Les Québécois anglophones sont beaucoup moins présents dans les emplois de cols bleus – transports, secteur primaire, transformation et fabrication –, un peu plus d’un sixième d’entre eux exerçant de tels métiers, alors que le quart des Québécois en font autant. Cependant, le profil professionnel des anglophones de l’île de Montréal est très différent de celui des anglophones des autres régions. Dans le reste de la province, les anglophones ont un profil professionnel qui ressemble à celui de l’ensemble des Québécois. Près du quart des anglophones de l’extérieur de Montréal ont un emploi de col bleu, comparativement à un huitième dans les secteurs métropolitains. Alors que 5,6 p. 100 des salariés anglophones de Montréal sont dans le secteur de la santé, ce pourcentage n’est que de 3,8 p. 100 dans le reste du Québec. Quelque 6 p. 100 des Montréalais anglophones ayant un emploi sont associés aux arts et à la culture, comparativement à 3 p. 100 dans le reste du Québec. Les différences observées au chapitre du profil professionnel entre les anglophones de l’île de Montréal et ceux du reste de la province sont liées à l’économie et au niveau de scolarité.

Le revenu personnel médian des anglophones est légèrement plus élevé que celui des personnes de langue maternelle française au Québec (21 619 $ contre 21 166 $) et à Montréal (21 966 $ contre 21 599 $). En Gaspésie, à Sherbrooke, sur la Rive-Sud et à Laval, le revenu médian des personnes de langue maternelle française dépasse de plus de 10 p. 100 celui des anglophones. Cependant, dans une perspective régionale, les personnes de langue maternelle anglaise ont un revenu supérieur aux francophones en Outaouais et à Québec.

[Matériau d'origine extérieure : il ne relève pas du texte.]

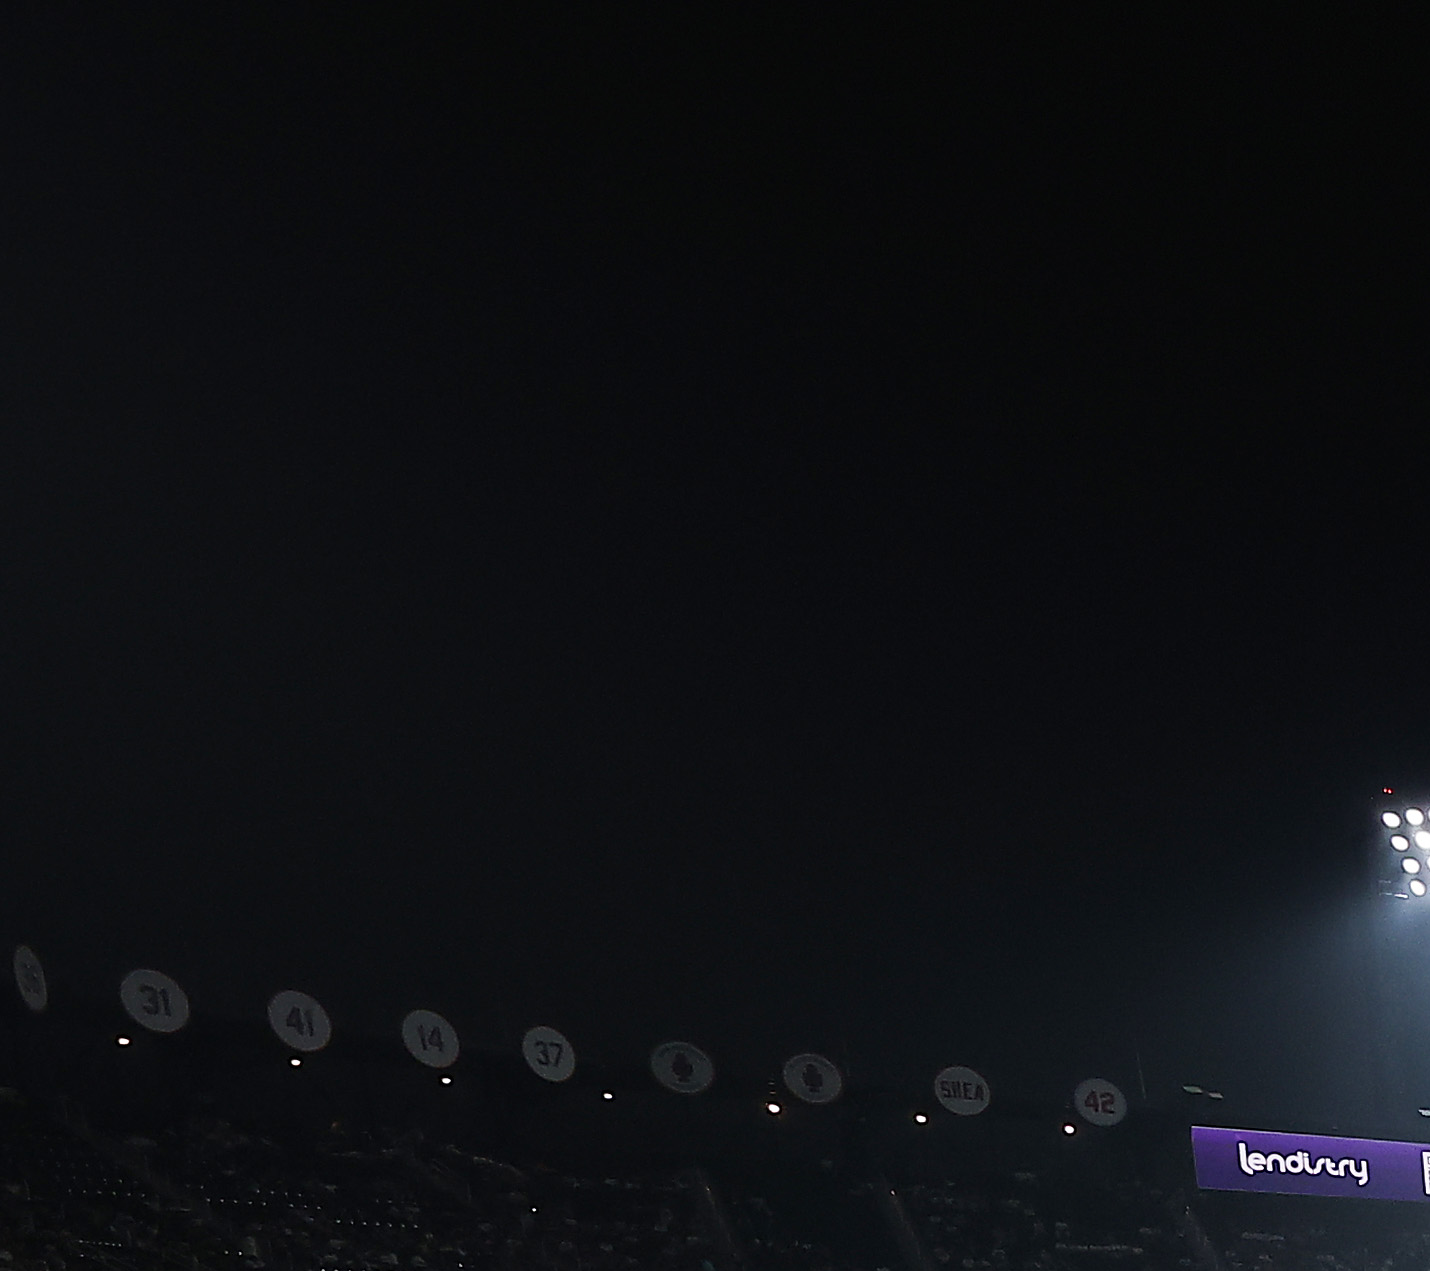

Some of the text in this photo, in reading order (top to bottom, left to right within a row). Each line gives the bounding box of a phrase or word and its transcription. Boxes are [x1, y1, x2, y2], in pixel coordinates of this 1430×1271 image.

[140, 984, 171, 1018] 31
[286, 1006, 315, 1038] 41
[418, 1023, 444, 1053] 14
[533, 1040, 562, 1068] 37
[1083, 1090, 1116, 1115] 42
[1239, 1142, 1369, 1185] lendistry

Au chapitre de l’emploi et du revenu, on constate un écart important entre les Québécois bilingues et les autres. En 2001, le taux de chômage chez les Québécois de langue maternelle anglaise de 25 à 34 ans qui connaissent le français et l’anglais était de 7,5 p. 100 (7 p. 100 à Montréal) et il se chiffrait à 14,3 p. 100 chez les Anglo-Québécois unilingues. Par contraste, les francophones bilingues présentaient un taux de chômage de 5,5 p. 100 (5 p. 100 à Montréal), comparativement à 8,8 p. 100 chez les francophones unilingues.

Pour ce qui est du revenu personnel médian, les personnes bilingues ont gagné quelque 25 500 $, soit beaucoup plus que les francophones unilingues (approximativement 17 850 $) et que les anglophones unilingues (16 575 $).